Published reports over the weekend said up to 30 insurance transactions over the last five years at AIG might have relied on faulty accounting, and the company is weighing restatements of between $1 billion and $3 billion.
The bookkeeping overhaul could make it difficult for the insurance titan to file its annual report with the Securities and Exchange Commission before March 31.
AIG has been in regulators' lenses all year over its suspected use of various reinsurance strategies to lop poorly performing policies from its balance sheet. Most of the controversy has centered on whether the reinsurance transactions were subject to appropriate negotiation and risk-transfer, elements necessary for favorable accounting treatment.
According to reports Friday, investigators are combing through dozens of reinsurance transactions AIG struck with a network of offshore companies, over which the company might have exerted undue influence or control.

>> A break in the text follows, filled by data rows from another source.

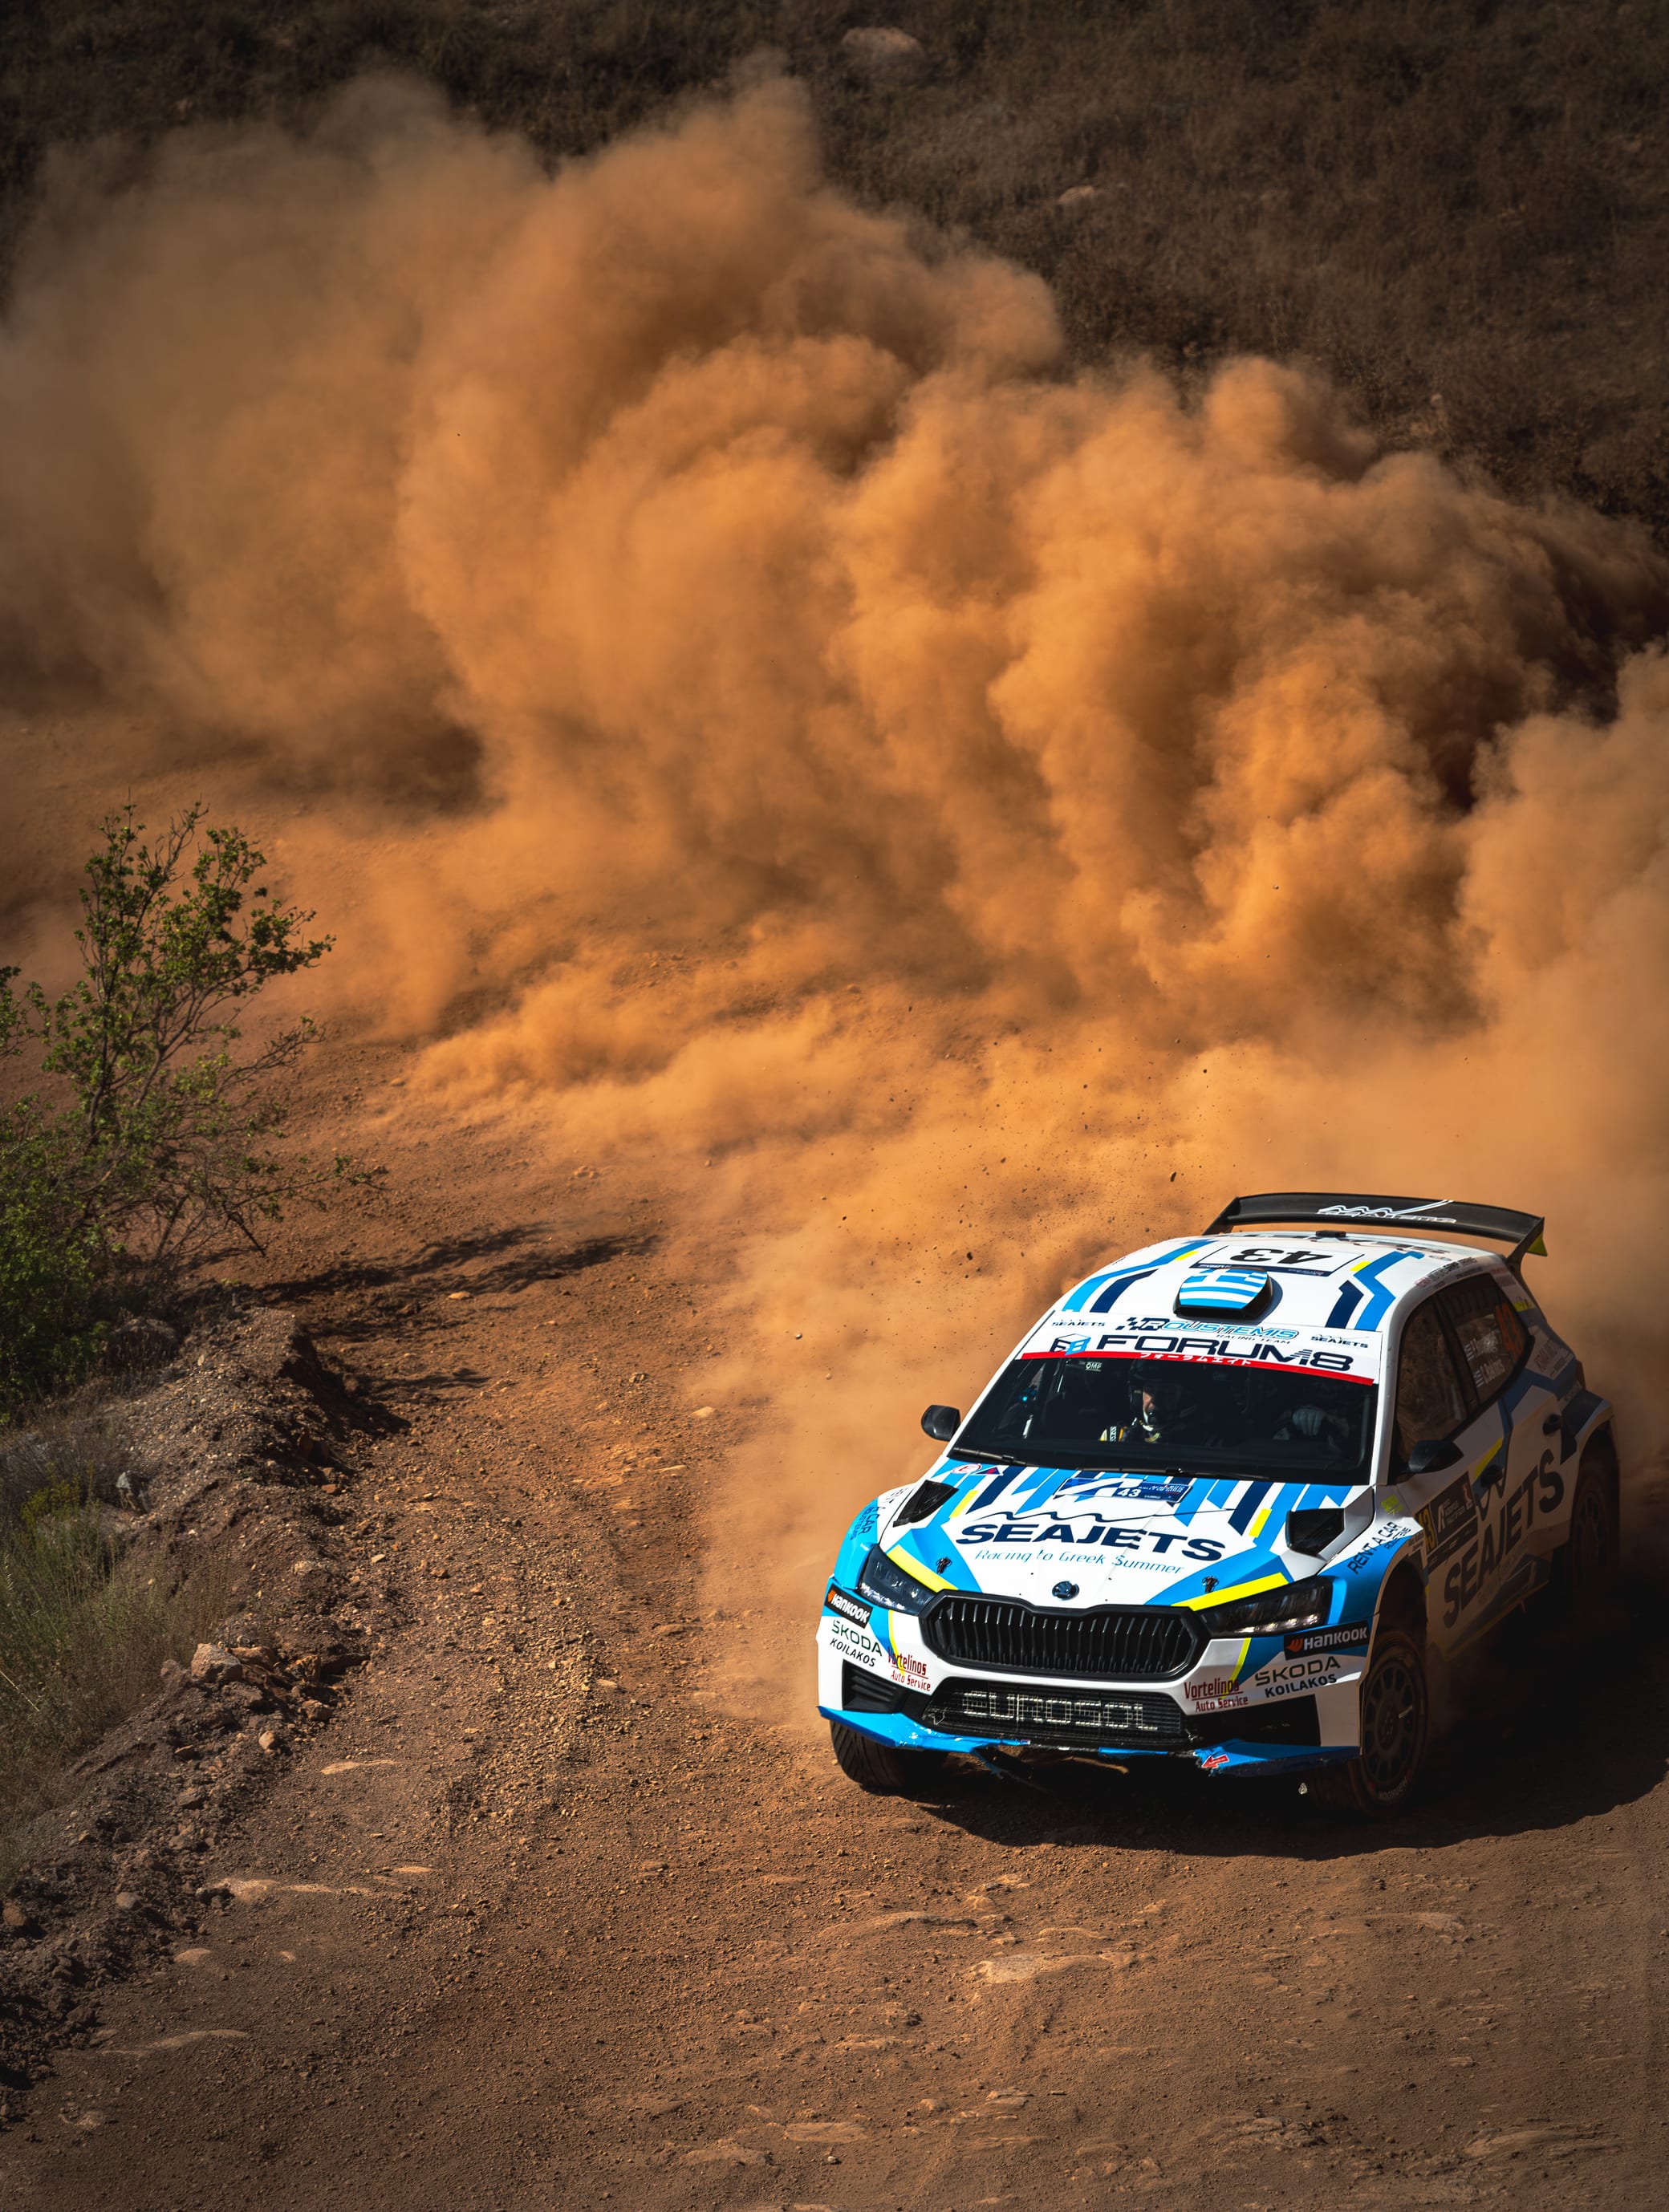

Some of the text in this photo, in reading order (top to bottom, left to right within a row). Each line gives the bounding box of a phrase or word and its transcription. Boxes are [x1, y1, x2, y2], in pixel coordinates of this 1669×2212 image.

[1230, 1248, 1333, 1265] 43
[1096, 1334, 1354, 1372] FORUM8
[1310, 1335, 1369, 1349] SEAJETS
[1140, 1352, 1252, 1366] フォーラムエイト
[1117, 1488, 1141, 1498] 43
[956, 1524, 1225, 1561] SEAJETS
[1347, 1542, 1377, 1575] RENT
[1371, 1536, 1383, 1545] A
[1377, 1521, 1402, 1539] CAR
[1444, 1448, 1565, 1629] SEAJETS
[976, 1548, 1184, 1574] Racing to Greek Summer
[830, 1638, 876, 1667] KOILAKOS
[887, 1646, 928, 1676] Vortelinos
[891, 1671, 931, 1692] Auto Service
[1184, 1678, 1241, 1699] Vortelinos
[1265, 1674, 1338, 1699] KOILAKOS
[963, 1690, 1158, 1731] EUROSOL
[1195, 1695, 1249, 1713] Auto Service

AIG's board met last week to discuss the problem and is still in talks with internal and outside investigators about the handling of any accounting revisions. A worst-case, $3 billion charge would only erase about one-third of the company's 2004 earnings, which were reported on a preliminary basis earlier this month. The company's long-term debt is currently rated triple-A by Moody's and Standard & Poor's, the highest possible rating.